Internet occupe donc une place de choix dans la vie des jeunes. Selon leur point de vue, Internet

est un lieu privilégié pour communiquer, échanger, lire, partager… Les jeunes reconnaissent avoir

besoin de formation dans ce domaine. Or, c’est sur les enseignants que repose le fardeau de créer

des conditions qui permettront aux jeunes d’exercer leur pensée critique en regard d’Internet. Pour

y arriver, les enseignants doivent eux-mêmes disposer des outils leur permettant d’adopter des

conduites critiques et, comme on l’a présenté à la section précédente, ce n’est pas un processus

simple.

Présentation sommaire de la recherche

Une recherche exploratoire a été menée à l’UQAC. Elle avait comme objectif général d’étudier les

pratiques critiques des futurs enseignants à l’égard d’Internet afin d’évaluer la situation locale.

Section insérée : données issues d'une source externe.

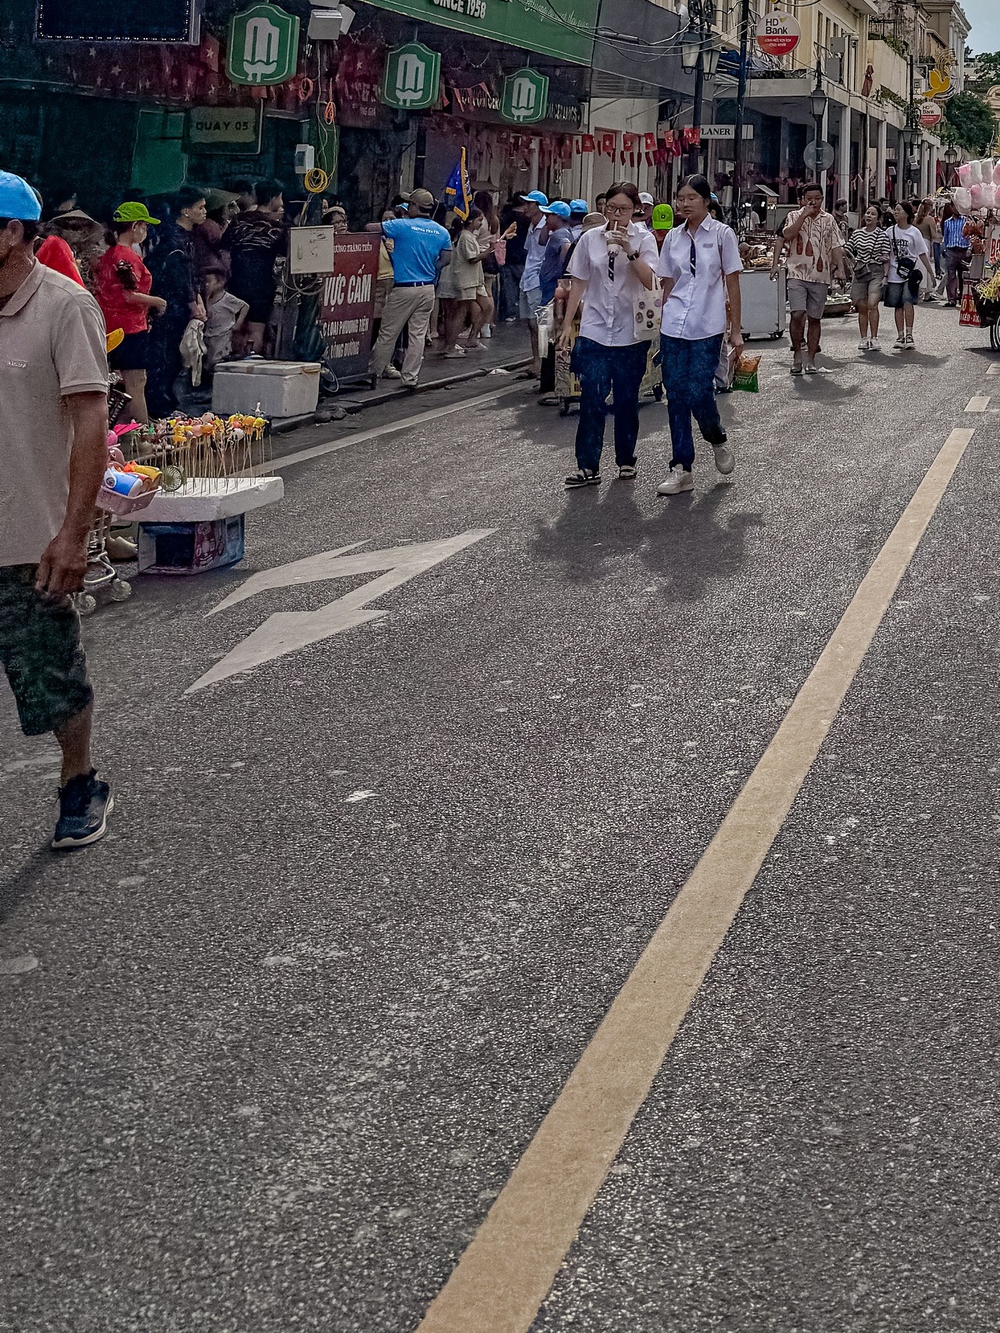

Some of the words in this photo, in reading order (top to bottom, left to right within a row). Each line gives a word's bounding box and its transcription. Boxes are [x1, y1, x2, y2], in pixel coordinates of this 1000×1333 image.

[765, 18, 779, 26] HD
[235, 121, 249, 131] 05
[701, 127, 731, 136] LANER
[323, 273, 346, 312] VỰC
[347, 264, 372, 304] CẤM

Une méthode prévoyant trois grandes étapes a été utilisée pour y arriver. D’abord, un groupe de

futurs enseignants a été soumis à une tâche pratique de recherche et d’évaluation d’informations

sur Internet. Le sujet de cette recherche (Barrières et facilitateurs de l’intégration des TIC à l’école)

était imposé et il était fort peu probable qu’un des étudiants le maîtrise déjà. Des entrevues

semi-dirigées ont ensuite été conduites afin d’identifier les principaux critères utilisés par les

futurs enseignants pour juger l’information. Un questionnaire a finalement été élaboré à partir des

résultats des entrevues. Il a été utilisé afin de recueillir rapidement de l’information concernant un

grand nombre d’étudiants en éducation.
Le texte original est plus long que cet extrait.